____ Task data
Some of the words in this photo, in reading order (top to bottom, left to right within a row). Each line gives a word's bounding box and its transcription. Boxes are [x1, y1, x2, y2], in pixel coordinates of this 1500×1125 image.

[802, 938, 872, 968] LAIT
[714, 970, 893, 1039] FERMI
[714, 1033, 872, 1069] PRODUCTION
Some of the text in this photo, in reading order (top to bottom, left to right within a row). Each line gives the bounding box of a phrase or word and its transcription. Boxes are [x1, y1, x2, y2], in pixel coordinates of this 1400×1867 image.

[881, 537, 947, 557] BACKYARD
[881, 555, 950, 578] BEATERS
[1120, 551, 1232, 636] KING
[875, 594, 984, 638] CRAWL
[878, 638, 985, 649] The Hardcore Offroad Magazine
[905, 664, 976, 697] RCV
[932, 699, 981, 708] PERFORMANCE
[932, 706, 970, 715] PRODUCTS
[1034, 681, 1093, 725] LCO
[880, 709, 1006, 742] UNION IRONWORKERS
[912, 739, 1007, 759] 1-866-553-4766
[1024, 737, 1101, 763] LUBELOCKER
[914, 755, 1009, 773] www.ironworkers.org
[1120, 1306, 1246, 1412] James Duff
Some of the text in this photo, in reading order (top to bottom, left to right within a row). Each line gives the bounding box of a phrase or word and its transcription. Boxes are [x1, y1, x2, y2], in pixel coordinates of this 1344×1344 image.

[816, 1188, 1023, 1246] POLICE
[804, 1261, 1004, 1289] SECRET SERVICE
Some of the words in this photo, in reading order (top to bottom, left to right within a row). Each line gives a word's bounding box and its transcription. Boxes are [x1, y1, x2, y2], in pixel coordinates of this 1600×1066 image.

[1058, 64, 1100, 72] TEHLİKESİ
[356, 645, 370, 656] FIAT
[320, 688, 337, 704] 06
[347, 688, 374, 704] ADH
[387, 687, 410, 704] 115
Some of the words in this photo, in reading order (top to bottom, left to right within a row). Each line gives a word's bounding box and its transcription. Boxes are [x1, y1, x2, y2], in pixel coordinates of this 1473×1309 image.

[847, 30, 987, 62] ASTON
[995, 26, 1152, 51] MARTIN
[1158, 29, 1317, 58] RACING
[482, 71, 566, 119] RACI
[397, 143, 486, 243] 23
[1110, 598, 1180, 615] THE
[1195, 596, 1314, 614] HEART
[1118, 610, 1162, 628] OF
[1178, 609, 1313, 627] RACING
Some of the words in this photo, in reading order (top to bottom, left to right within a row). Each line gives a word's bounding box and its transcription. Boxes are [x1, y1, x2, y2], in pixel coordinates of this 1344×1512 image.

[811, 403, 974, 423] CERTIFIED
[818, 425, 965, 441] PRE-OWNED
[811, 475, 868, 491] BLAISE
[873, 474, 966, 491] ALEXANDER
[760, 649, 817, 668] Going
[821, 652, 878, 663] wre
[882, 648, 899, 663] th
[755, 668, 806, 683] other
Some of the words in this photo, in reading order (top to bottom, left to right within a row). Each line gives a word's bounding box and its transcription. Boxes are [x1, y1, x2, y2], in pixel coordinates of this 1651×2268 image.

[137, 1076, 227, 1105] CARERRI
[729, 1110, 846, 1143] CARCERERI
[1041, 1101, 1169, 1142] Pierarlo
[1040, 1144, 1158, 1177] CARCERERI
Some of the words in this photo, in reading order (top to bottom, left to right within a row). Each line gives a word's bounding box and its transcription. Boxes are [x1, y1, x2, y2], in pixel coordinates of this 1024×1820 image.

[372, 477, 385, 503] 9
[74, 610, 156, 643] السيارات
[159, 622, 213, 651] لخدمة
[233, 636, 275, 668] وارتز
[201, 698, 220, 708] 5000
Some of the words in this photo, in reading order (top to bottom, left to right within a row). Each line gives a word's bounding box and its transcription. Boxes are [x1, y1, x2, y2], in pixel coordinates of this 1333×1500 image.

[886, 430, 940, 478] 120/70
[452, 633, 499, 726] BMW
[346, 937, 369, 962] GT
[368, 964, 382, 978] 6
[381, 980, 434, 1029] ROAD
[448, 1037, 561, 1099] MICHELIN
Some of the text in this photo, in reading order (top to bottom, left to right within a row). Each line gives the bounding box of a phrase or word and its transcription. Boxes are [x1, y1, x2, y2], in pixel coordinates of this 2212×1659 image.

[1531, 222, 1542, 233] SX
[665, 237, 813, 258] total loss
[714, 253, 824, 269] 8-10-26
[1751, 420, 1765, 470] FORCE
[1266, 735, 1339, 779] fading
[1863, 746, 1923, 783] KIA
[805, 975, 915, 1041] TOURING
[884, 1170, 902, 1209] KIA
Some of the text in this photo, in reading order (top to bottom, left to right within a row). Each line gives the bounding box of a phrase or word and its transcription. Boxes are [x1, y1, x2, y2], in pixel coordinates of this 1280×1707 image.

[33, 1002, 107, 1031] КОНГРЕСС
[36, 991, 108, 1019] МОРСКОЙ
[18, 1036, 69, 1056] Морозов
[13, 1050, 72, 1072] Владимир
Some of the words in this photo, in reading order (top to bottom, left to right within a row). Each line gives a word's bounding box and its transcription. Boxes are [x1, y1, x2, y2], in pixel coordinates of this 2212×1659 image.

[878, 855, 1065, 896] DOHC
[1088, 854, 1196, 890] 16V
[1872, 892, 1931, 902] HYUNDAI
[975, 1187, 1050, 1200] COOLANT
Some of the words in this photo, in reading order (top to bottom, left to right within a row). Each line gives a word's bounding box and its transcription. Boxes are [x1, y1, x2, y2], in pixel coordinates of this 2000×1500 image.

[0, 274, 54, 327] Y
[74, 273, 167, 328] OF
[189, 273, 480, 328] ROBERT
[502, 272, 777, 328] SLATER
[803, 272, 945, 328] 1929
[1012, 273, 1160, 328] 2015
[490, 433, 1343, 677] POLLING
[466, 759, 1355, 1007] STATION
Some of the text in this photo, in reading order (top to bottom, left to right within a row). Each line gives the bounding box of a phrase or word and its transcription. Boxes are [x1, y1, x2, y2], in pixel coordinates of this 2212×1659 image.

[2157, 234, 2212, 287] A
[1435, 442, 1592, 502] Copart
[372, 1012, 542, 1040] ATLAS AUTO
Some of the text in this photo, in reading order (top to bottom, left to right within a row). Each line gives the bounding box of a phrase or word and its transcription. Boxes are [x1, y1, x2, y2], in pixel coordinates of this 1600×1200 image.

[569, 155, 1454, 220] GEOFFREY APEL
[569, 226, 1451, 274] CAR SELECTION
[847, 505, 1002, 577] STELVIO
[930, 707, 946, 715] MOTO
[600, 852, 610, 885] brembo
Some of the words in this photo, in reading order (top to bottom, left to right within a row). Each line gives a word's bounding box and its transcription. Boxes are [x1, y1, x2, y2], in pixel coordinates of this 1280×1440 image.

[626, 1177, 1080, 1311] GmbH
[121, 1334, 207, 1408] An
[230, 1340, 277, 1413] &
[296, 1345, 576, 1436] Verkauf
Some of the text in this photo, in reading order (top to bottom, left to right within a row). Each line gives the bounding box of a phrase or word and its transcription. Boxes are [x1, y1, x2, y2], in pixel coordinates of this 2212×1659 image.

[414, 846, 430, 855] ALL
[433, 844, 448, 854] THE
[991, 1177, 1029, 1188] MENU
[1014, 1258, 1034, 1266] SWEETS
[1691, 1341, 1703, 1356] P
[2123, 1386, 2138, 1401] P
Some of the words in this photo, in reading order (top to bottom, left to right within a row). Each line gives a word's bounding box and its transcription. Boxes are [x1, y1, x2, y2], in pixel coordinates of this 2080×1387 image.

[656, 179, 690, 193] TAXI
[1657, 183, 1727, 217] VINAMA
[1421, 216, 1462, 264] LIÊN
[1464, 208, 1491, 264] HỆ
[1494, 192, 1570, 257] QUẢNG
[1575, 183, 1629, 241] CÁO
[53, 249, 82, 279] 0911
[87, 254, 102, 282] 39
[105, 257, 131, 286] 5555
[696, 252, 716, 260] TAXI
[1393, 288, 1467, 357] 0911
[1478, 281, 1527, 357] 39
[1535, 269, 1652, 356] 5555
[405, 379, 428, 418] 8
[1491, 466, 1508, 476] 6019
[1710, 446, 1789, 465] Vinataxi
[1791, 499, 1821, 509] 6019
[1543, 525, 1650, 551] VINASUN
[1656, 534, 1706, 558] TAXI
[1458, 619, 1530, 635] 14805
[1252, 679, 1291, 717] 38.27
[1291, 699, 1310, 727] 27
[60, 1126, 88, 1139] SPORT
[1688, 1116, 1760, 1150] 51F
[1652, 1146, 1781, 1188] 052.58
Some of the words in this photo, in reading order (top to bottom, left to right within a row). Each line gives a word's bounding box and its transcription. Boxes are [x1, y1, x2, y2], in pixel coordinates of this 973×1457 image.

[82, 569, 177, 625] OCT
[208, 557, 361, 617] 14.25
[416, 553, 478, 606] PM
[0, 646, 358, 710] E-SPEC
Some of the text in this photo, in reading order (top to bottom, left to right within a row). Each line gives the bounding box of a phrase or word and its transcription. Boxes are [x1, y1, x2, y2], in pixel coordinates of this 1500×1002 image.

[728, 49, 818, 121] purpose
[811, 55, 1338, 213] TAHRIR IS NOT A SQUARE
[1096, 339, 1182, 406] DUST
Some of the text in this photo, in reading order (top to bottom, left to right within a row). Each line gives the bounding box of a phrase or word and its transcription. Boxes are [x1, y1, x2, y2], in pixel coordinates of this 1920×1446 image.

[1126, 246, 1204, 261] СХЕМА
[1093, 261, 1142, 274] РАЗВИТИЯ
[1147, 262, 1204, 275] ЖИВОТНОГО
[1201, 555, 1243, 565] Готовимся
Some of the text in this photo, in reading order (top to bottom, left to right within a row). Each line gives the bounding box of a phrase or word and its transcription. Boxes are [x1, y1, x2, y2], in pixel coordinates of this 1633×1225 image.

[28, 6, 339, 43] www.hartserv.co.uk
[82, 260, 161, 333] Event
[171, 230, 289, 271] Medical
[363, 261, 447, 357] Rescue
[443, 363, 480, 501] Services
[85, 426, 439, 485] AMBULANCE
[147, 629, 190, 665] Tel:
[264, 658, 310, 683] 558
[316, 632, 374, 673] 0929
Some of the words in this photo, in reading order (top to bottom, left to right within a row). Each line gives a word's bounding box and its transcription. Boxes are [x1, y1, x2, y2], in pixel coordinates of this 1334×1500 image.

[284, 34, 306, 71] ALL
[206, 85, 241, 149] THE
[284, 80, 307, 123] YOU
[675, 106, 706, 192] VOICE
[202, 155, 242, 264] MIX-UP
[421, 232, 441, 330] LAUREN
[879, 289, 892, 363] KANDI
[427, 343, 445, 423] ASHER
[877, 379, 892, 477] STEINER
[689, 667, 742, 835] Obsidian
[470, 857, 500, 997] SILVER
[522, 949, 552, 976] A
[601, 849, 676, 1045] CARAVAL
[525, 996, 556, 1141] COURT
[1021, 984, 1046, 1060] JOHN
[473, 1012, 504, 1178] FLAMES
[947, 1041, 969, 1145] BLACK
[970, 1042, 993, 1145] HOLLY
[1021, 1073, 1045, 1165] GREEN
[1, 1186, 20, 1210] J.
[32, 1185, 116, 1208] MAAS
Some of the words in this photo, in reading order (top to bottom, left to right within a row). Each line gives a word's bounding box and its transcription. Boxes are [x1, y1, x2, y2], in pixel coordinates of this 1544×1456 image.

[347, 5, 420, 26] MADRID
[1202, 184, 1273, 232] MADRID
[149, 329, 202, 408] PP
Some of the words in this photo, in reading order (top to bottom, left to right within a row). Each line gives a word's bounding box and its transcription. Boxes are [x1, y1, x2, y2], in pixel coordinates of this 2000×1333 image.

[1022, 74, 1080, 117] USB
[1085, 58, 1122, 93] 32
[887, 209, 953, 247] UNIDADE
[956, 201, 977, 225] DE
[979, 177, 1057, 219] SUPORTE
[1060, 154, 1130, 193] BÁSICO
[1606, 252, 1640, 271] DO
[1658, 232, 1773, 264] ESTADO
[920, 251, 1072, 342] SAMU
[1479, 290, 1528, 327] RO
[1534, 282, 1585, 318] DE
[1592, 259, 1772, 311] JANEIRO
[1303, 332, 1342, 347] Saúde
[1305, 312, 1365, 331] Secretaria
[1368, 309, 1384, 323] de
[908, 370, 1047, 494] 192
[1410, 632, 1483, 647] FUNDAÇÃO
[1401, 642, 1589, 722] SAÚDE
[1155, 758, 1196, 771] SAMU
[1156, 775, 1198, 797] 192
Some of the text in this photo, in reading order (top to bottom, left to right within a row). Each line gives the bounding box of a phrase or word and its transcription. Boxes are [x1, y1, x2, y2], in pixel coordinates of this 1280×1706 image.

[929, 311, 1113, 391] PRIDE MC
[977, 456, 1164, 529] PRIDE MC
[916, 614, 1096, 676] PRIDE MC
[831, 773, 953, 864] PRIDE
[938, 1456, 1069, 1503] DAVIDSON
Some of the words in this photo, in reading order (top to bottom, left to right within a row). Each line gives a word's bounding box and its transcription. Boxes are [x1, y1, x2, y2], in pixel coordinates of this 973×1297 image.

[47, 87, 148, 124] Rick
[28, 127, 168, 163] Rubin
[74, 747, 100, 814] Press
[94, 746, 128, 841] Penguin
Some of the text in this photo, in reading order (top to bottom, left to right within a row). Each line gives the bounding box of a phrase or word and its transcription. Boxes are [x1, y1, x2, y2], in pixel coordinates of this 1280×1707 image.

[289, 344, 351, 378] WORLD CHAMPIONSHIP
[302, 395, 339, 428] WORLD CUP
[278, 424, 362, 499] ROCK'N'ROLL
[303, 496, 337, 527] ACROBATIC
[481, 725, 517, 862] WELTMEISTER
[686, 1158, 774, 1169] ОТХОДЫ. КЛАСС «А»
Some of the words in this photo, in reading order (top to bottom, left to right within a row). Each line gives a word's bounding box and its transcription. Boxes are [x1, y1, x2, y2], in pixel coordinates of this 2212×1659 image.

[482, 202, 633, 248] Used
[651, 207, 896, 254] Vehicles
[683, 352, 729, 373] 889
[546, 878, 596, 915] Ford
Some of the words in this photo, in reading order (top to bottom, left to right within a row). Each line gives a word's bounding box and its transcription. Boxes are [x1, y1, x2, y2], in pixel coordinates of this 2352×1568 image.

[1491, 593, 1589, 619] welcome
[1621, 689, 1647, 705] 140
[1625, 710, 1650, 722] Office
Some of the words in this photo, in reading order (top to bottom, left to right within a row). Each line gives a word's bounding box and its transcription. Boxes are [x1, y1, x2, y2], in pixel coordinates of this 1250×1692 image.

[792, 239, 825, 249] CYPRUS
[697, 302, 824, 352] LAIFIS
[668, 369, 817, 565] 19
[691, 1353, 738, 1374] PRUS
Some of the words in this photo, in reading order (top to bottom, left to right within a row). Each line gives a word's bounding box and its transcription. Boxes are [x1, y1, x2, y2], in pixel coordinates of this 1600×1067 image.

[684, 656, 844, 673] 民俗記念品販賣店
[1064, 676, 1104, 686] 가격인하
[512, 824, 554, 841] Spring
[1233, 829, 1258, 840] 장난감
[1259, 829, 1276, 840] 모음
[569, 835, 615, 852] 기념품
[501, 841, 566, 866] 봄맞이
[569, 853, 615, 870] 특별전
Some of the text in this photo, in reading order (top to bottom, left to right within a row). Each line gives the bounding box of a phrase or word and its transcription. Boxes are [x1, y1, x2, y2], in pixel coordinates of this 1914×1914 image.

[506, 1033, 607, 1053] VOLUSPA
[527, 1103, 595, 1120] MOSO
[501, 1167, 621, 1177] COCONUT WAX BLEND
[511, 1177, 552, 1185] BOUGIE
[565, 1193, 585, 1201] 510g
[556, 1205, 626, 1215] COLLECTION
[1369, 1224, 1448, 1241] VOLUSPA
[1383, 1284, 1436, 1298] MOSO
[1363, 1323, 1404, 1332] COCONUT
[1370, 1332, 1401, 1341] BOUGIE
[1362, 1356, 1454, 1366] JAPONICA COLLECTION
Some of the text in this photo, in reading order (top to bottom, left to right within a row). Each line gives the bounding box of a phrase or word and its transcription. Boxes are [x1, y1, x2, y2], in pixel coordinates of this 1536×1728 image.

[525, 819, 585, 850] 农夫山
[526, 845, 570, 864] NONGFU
________
> [Action item] Transcribe exactly the line containing "this 1536×1728 image." and all remaining lines of the material, ending with the last one.

> [Answer to the problem]
Some of the text in this photo, in reading order (top to bottom, left to right within a row). Each line gives the bounding box of a phrase or word and its transcription. Boxes are [x1, y1, x2, y2], in pixel coordinates of this 1536×1728 image.

[525, 819, 585, 850] 农夫山
[526, 845, 570, 864] NONGFU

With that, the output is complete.